Todavia, hoje muitas indicações farmacoterápicas já são feitas em função de diagnósticos DSM-IV questionáveis que a meu ver não beneficiam o paciente, sancionando por exemplo a hiperinflação de bipolaridades tratadas com anticonvulsivantes ou hiperatividades tratadas com anfetaminas caras.

Não obstante, toda a pesquisa clínica com psicofármacos depende de uma nosografia estabelecida, por exemplo para se comparar diferentes fármacos em função de sua  indicação para categorias diagnósticas claramente delimitadas (p. ex. lítio e anticonvulsivantes no leque clínico das bipolaridades do humor), bem como para comparar o espectro de ações de um fármaco em diferentes categorias diagnósticas (p. ex. espectro de ação de antidepressivos e neurolépticos atípicos).

Assim, questiona-se também se o recorte de efetividade de certos fármacos não possa delimitar grandes categorias sindrômicas e diagnósticas (p. ex., determinados perfis clínicos ansiosos e depressivos altamente responsivos a tais ou tais antidepressivos, que possivelmente partilham circuitarias neuronais e neurotransmissores em comum).

.Também a pesquisa das bases neurocientíficas da Psiquiatria depende de uma boa nosografia, com o estabelecimento de correlações entre alterações microanatômicas-funcionais, respostas farmacológicas e alterações psíquicas específicas.

Até mesmo a delicada pesquisa de eficácia de psicoterapias depende de como entendemos e nomeamos, ao longo do tempo, o que é o sofrer e o fruir humanos. Mas para definir “eficácia” de uma psicoterapia precisamos  além das nosografias, recorrer à psicopatologia e mesmo à filosofia, notáveis ausentes na formação do psiquiatra atual no modelo DSM. Que critérios estatísticos definiriam o que é afinal uma psicoterapia eficaz?


Diagnóstico e prognose além do CID

Sara Hassan, lendo meus argumentos sobre a necessidade de um sistema nosográfico e classificatório, comentou que mesmo dispondo-se de um CID ideal existe o risco de hipertrofia deste modelo diagnóstico classificatório, segregando ou diluindo outros enfoques, tais como a psicanálise.

Do meu lado, refleti que tal comentário entra em sintonia com a tese que emergiu a partir da minha reflexão sobre o DSM-5, a saber, que paralelamente a um diagnóstico ao estilo CID se possam formular diagnósticos da singularidade, evolutivos, dependentes de observação e elaboração concomitantes e continuadas, no seio de um vínculo, como é proposto pela psicanálise e pelas psicoterapias que contemplam um sujeito singular.

No contexto de um atendimento psiquiátrico mínimo, envolvendo apenas farmacoterapia e pouco tempo junto ao paciente - como é regra na saúde gerenciada, pública ou privada - diagnósticos da singularidade nem sempre são factíveis e o tratamento consiste apenas no seguimento de um protocolo que tem como premissa um código CID. Mesmo diagnósticos do eixo II do sistema DSM (de personalidade), ou do eixo IV (contextos psicossociais), não tem como ser realizados com rigor quando o atendimento é mínimo, em tempo e em vinculação terapêutica.

Em condições mais favoráveis de tratamento, quando se pode efetivamente estabelecer um vínculo terapêutico e dialogar com o paciente ao longo de muitas sessões, diagnósticos da singularidade são possíveis e desejáveis, implicando em tratamentos mais efetivos.

Isto é o que busco na minha clínica, que conjuga farmacoterapia, orientações sobre modus vivendi adequados e psicoterapia.
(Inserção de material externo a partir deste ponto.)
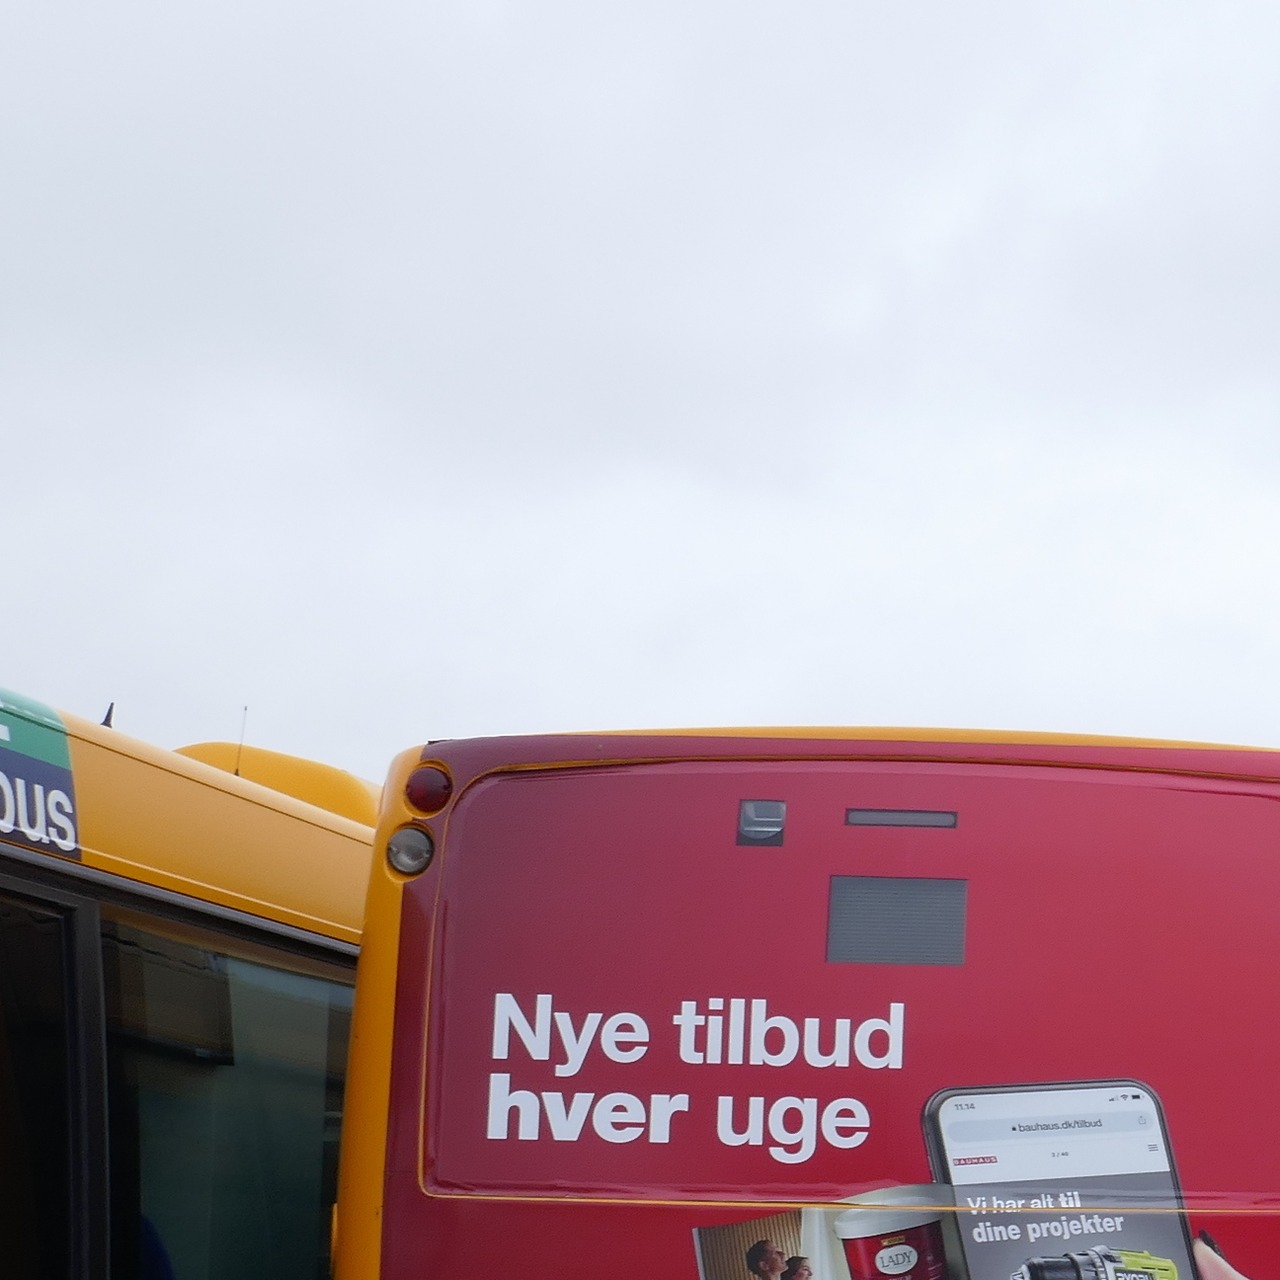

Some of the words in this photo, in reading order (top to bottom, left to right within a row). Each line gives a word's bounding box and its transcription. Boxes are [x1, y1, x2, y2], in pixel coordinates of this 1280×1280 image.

Além de um diagnóstico psiquiátrico convencional, como os códigos CID, procuro estabelecer diagnósticos da singularidade do paciente, que particularizam e assim dão maior eficácia às medidas de tratamento, farmacológicas, psicoterápicas, além da ênfase às orientações gerais para promoção da saúde.

Estes diagnósticos da singularidade - psicodinâmicos, do grau de resiliência, da capacidade de enfrentamento (coping) e do bom funcionamento egóico, da estrutura e funcionamento cognitivo, emocional, familiar e vincular, do sistema de crenças sócio-culturais, dos sentidos dados à própria existência presente e passada – são de certo modo semelhantes aos critérios diagnósticos “clínicos” descrito por Carlos Rey no contexto psicanalítico:

 “Clínica é a observação, estudo, análise do paciente, da sua história e do seu relato (...) como tem vivido sua vida, (...) sua experiência”. Obtém-se assim junto e com o paciente um saber clínico, um prognose, “...fruto da transferência, do trabalho conjunto, da elaboração do paciente, da escuta do profissional” (Rey & Hassan 2012:4).

Todavia, os critérios “clínicos” de Rey tem a especificidade da clínica psicanalítica, enquanto meu conceito de diagnósticos da singularidade tem outro foco, mais egóico e que se faz no vínculo médico-paciente e psicoterápico, abarcando dimensões que incluem diagnósticos médicos gerais, da história e cultura familiar, sócio-culturais, da personalidade, dos recursos lógicos, emocionais e atitudinais e das capacidades de mudança e  insight.

Não obstante, o diagnóstico amplo que proponho abarca e coincide - no benefício do paciente que teria assim melhor tratamento – com a posição de Rey: “nós, os psicanalistas, reivindicamos a subjetividade e portanto a diversidade de maneira de ser e de estar no mundo, de sentir, de pensar, definitivamente de viver, curtir e sofrer” (Rey & Hassan 2012:3).
 
A busca de uma compreensão do paciente em sua singularidade visa enfim ter por conseqüência  em uma conduta médica ideal, isto é para a proposição de um mix de medidas e regimes de tratamento adequados àquele paciente singular, no antigo espírito da medicina hipocrática; “a ação curativa dependerá de um triplo ‘que’, que doença, que doente, que remédio” (Carvalho 2004: 58).


Ressonâncias com o Manifesto de Barcelona e M. Foucault

Assim como os signatários do Manifesto de Barcelona, documento-referência do movimento “StopDSM - como critério único de diagnose clínica” (veja em stopdsm.blogspot.com.br), também sou contra as “certezas clínicas” dadas por “gestores e investidores dos sistemas de saúde”, que começam com a razoável idéia de mínima normatividade necessária, mas logo se tornam certezas cínicas, verdade única, modelo coercitivo onde “tudo é para o paciente, sem o paciente”. Seria porque um “saber sem sujeito é desde logo um poder sobre o sujeito”?  (Manifesto de Barcelona, 2011).

Reencontramos assim no DSM-5, sob o disfarce de cientificismo ideologicamente neutro, o biopoder postulado por M. Foucault em versão contemporânea, o mesmo biopoder exercido desde fins do séc. XVIII sobre os “processos biológicos ou bio-sociológicos das massas humanas”.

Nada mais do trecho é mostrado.